Linus was actually qualified for this job? I’d assumed his mother had palmed her most loyal pawn off on me to act as her spy while training me in advanced resuscitation theory. She couldn’t very well auction my services to the highest bidder then sit back and hope for the best. Not when clients would expect a one hundred percent success rate as a return on their investment. But this? He was a bona fide teacher from a prestigious university who could offer me the education Maud had denied me. That didn’t make his apron strings any shorter, but it did make him crashing in my carriage house that much more appealing.
“What about your classes?” Selfishly, I had only considered how the Grande Dame’s proclamation affected me. I had dismissed Linus as a throwaway heir, one of his mother’s yes-men, and that had been shallow of me. At least this was all to my benefit. He had nothing to gain by helping me except his mother’s favor. As her only son, he must be drowning in that. “How long will you stay?”

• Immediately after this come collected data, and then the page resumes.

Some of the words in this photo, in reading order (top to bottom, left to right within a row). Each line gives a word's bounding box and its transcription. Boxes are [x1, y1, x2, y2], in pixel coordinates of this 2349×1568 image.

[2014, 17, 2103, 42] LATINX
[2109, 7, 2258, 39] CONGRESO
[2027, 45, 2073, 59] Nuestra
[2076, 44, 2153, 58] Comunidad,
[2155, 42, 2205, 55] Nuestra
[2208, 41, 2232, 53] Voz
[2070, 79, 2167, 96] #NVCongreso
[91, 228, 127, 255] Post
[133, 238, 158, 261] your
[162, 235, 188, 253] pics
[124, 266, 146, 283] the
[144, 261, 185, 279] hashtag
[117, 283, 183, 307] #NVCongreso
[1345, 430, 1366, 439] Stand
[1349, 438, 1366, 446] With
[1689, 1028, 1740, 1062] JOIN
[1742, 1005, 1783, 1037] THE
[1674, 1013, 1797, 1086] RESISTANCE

“I’m on sabbatical.” He plated the sausage, grits, and soft-boiled eggs. After I added a few pieces of buttered toast to his burden, he carried it all to the table. “I can stay for a year before I have to file more paperwork. I won’t know if that will be necessary until after we start your training.”
“What about your home?” I rinsed out my glass then poured milk for each of us since that had been his breakfast beverage of choice for as long as I could remember. “What about your friends?”
“The loft will still be there when I return.” He carried two pressed napkins to the table and placed them at our settings. We both stood there, looking at one another. “Thanks to modern technology, my colleagues are never more than a call, text, video chat, or DM away.”
I startled when he crossed to me, but all he did was pull out a chair and wait for me to sit. I did, and then I returned the favor. The table was small, meant for two even though it had four places, and I stretched out my leg to push his seat back with my toes.
“Thank you.” He let me take a few bites before starting on his own meal, but he didn’t have much of an appetite. “There are seconds if you’d like more.”
A flush I blamed on the steam rising from my plate pinked my cheeks. “Are my table manners that bad?”
One too many frozen dinners had left me ravenous for a home-cooked meal, and this one was excellent.
“No.” He bit the edge off his toast, chewed methodically, and had trouble swallowing even that one small bite. “I just don’t want the food to go to waste.”
The first helping vanished before I registered its taste, and I heaped a second plate high with leftovers. He watched me eat, his fascination making me slow the fork-to-mouth action. I demolished the sausage before the awkward scrape of my silverware drove me to conversation.
“The night I helped unbreak your nose—” after Woolly had slammed her front door in his face to bar his entrance, “—you told me we would address my magic, but I skipped class the next day.” And the six days that followed. “Can we do a makeup lesson?”
“Of course.” He sipped his milk, but the level remained unchanged. “What would you like to know?”
The desperate edge in my voice shamed me. “Will I ever get it back?”